Ce soir, les Memphis Grizzlies jouent leur survie en playoffs face au Jazz d’Utah, menés 3-1 après une première victoire surprise arrachée à Salt Lake City. Les Grizzlies voguaient alors sur l’euphorie née du play-in tournament, duquel ils sont sortis vainqueurs en battant successivement les San Antonio Spurs puis les Golden State Warriors pour s’arroger le dernier strapontin qualificatif des playoffs.
Depuis, l’euphorie est retombée. Une vague de froid s’est progressivement abattue sur Memphis. Le Jazz, solide premier de conférence tout au long de la saison à l’Ouest, a repris les choses en main. En position de force dans la série, nul doute que les hommes de Quinn Snyder auront à cœur de finir le travail le plus tôt possible.
Mais alors que la fin de saison s’approche dangereusement dans le Tennessee, Ja Morant, lui, continue de briller, et d’éblouir les yeux des fans et spectateurs de tous horizons. Dans un style de jeu forcément tape-à-l’œil, Morant détonne.
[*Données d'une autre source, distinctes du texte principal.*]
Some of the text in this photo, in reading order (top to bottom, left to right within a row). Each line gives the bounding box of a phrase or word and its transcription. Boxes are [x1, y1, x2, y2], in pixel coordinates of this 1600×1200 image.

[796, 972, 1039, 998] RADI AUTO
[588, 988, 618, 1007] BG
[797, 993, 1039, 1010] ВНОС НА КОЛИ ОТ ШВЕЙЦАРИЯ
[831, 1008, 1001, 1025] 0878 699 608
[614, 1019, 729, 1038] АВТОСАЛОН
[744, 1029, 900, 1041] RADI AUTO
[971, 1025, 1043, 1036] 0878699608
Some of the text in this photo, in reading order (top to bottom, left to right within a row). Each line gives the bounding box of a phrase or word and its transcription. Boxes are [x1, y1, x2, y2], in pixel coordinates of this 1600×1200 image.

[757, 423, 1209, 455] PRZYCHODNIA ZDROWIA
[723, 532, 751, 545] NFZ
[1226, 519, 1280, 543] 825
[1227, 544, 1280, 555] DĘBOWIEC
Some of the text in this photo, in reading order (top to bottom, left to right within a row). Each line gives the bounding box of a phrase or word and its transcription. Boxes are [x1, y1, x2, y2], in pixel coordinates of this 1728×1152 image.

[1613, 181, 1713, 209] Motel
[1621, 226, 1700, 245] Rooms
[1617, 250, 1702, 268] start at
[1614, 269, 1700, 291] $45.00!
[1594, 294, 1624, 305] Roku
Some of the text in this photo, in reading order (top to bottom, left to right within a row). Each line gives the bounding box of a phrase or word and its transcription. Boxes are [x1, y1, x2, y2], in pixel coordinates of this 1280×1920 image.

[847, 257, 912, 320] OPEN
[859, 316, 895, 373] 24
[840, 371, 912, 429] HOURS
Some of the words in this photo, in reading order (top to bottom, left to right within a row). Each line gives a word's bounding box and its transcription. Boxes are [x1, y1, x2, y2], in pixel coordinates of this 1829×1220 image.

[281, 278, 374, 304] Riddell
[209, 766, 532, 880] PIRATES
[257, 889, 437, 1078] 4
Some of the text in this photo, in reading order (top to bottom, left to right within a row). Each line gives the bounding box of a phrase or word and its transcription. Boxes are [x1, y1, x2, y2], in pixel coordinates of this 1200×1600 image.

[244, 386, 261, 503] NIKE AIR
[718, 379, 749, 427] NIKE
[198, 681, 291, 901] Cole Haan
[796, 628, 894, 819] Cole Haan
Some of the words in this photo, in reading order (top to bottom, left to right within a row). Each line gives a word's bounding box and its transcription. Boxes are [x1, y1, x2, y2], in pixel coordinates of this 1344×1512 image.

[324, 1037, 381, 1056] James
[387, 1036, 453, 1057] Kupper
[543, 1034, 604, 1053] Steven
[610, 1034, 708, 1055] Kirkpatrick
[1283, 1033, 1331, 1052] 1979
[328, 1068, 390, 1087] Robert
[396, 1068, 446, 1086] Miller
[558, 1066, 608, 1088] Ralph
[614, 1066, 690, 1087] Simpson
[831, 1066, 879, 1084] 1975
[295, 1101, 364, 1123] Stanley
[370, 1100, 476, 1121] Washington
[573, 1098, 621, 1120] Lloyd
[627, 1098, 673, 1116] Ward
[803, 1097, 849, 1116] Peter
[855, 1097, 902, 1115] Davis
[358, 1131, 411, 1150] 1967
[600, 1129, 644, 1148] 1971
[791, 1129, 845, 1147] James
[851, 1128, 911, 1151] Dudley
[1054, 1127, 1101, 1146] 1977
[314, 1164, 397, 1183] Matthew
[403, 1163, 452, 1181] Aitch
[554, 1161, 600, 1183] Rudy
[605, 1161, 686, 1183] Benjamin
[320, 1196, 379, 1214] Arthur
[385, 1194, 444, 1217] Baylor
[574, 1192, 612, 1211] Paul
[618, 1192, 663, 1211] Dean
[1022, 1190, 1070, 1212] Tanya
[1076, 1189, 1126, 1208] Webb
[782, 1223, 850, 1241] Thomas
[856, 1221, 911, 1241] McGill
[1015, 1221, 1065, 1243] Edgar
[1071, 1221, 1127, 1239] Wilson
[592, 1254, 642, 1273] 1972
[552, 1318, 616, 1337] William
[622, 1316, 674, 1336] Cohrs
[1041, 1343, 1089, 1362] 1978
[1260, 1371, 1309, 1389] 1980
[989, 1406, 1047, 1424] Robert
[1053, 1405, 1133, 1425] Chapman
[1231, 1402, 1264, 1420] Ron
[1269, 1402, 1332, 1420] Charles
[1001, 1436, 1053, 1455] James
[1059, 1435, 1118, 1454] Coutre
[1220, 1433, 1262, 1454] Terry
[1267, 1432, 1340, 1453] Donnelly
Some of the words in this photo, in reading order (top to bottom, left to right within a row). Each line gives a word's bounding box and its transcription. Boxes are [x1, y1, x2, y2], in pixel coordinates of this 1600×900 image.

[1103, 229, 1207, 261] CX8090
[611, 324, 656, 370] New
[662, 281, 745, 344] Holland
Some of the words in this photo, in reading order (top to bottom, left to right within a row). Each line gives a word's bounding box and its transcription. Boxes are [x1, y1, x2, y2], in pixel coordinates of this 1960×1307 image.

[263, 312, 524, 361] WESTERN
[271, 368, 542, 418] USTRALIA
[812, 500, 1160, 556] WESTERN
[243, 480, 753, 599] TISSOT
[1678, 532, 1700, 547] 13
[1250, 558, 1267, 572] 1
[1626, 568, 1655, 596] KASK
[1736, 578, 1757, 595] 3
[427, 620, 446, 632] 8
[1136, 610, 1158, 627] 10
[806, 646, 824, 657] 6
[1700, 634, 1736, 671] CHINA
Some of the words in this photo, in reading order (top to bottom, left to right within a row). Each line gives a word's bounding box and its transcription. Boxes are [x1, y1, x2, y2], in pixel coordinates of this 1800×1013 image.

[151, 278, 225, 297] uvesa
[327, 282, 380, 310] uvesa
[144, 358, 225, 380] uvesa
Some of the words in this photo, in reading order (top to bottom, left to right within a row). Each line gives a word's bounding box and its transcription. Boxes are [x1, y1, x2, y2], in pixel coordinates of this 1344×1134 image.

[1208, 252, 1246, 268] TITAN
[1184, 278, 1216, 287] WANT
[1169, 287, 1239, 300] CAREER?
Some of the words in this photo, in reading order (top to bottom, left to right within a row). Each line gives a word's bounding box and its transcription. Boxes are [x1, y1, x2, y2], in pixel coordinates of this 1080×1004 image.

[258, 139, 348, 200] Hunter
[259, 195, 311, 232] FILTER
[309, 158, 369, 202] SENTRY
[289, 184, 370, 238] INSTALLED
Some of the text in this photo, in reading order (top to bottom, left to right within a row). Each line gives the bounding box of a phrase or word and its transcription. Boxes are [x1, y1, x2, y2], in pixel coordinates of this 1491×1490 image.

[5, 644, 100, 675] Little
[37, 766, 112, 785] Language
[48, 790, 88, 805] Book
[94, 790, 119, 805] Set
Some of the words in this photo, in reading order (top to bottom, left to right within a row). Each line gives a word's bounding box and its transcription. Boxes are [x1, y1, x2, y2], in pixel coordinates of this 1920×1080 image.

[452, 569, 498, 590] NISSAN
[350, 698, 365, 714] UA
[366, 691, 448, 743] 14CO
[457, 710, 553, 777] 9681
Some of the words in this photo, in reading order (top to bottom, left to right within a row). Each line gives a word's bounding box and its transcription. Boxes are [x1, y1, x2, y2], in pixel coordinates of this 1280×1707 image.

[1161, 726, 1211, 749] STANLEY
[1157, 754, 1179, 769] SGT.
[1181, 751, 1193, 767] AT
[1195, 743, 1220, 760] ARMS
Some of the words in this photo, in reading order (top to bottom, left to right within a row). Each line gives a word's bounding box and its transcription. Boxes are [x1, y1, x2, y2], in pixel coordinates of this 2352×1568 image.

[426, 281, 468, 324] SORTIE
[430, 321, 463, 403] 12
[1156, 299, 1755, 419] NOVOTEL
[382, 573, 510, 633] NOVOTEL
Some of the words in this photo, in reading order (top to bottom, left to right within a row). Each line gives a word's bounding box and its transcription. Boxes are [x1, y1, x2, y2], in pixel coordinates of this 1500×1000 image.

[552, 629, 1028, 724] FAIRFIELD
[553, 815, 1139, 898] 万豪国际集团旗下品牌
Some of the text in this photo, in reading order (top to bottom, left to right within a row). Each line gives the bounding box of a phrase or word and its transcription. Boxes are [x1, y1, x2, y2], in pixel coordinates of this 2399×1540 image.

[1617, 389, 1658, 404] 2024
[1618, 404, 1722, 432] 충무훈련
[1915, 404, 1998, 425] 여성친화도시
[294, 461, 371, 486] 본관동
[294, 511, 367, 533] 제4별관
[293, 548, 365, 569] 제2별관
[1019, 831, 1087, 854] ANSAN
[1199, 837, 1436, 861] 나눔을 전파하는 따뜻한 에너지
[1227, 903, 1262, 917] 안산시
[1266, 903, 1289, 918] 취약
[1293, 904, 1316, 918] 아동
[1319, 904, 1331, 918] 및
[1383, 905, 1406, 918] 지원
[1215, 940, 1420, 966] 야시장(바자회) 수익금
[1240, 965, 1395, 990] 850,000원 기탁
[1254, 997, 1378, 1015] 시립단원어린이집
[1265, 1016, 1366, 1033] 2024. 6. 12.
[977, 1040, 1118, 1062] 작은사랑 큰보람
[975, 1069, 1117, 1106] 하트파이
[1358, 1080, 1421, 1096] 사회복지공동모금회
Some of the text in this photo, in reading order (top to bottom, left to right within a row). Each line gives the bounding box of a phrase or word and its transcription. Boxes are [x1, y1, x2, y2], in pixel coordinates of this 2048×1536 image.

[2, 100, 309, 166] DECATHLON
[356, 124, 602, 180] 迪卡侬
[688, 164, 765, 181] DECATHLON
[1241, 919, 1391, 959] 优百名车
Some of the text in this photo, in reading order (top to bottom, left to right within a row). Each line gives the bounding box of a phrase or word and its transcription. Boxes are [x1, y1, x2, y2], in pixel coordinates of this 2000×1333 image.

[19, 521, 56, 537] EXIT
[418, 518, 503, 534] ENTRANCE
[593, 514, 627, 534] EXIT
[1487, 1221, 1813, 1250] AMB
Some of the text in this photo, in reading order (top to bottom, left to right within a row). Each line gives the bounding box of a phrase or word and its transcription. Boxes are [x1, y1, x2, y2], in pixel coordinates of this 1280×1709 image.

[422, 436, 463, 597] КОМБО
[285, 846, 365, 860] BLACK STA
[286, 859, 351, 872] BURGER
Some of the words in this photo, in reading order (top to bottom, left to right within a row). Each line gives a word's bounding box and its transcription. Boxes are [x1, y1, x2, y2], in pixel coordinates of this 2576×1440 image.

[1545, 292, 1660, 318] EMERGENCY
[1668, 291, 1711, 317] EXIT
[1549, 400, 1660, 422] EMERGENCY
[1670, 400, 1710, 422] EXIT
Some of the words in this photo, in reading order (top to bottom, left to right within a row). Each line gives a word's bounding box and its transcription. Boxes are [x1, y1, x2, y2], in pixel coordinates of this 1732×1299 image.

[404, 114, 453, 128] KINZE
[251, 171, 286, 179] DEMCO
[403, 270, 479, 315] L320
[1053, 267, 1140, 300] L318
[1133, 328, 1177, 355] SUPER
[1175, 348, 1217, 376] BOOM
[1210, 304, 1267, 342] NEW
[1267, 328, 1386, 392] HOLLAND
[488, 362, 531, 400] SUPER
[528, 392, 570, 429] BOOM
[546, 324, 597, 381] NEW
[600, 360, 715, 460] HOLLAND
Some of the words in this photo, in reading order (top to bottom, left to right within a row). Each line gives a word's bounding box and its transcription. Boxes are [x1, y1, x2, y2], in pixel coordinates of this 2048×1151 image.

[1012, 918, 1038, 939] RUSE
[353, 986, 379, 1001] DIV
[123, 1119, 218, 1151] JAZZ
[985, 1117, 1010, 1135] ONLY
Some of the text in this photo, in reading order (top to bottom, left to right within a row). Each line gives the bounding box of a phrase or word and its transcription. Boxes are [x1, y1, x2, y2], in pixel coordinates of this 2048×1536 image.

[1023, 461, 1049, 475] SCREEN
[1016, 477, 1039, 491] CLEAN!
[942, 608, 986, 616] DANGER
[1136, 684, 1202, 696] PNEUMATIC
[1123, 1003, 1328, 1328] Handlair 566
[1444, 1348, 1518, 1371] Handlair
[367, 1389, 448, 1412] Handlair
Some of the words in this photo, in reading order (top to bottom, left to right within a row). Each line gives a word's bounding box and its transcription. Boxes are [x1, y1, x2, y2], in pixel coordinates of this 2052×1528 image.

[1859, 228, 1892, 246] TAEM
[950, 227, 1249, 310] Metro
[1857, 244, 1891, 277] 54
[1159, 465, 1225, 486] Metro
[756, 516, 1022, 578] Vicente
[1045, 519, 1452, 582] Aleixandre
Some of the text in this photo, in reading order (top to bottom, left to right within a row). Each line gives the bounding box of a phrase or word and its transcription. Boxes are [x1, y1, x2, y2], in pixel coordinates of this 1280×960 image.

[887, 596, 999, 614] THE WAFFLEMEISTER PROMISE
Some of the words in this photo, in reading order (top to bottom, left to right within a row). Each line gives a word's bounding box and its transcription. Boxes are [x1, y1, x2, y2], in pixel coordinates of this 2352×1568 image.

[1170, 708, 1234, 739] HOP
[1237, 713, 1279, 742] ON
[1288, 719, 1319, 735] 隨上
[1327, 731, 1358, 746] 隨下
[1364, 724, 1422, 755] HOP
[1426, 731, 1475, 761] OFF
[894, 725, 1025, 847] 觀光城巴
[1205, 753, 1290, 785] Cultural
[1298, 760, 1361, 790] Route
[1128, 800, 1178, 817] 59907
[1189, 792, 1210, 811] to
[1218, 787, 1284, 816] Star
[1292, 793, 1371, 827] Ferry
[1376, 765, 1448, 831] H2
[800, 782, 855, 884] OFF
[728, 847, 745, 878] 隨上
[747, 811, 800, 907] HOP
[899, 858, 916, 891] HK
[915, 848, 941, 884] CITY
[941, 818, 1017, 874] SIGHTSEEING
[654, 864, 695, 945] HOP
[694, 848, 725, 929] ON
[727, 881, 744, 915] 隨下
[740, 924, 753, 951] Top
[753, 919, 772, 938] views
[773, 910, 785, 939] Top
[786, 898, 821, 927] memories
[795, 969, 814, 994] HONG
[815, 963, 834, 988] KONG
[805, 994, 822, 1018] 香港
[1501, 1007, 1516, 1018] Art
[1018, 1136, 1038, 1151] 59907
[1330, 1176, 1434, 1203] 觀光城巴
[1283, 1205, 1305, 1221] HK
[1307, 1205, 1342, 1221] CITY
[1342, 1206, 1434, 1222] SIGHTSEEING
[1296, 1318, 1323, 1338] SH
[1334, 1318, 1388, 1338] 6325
Le sophomore, drafté en 2019, vit actuellement sa première campagne de playoffs. Une première expérience face aux leaders de la conférence, meilleure défense de NBA sur la saison, tenue par le probable futur triple Défenseur de l’Année, et également face à celui qui a incarné avant lui l’image de la franchise de Memphis, Mike Conley. Et malgré tous ces obstacles potentiels, Ja Morant ne s’est pas dégonflé, loin de là.
L’occasion d’aller creuser un peu derrière les highlights, en se concentrant sur ce que Ja Morant produit réellement sur ses premiers playoffs, mais également sur l’importante marge de progression qui en ressort.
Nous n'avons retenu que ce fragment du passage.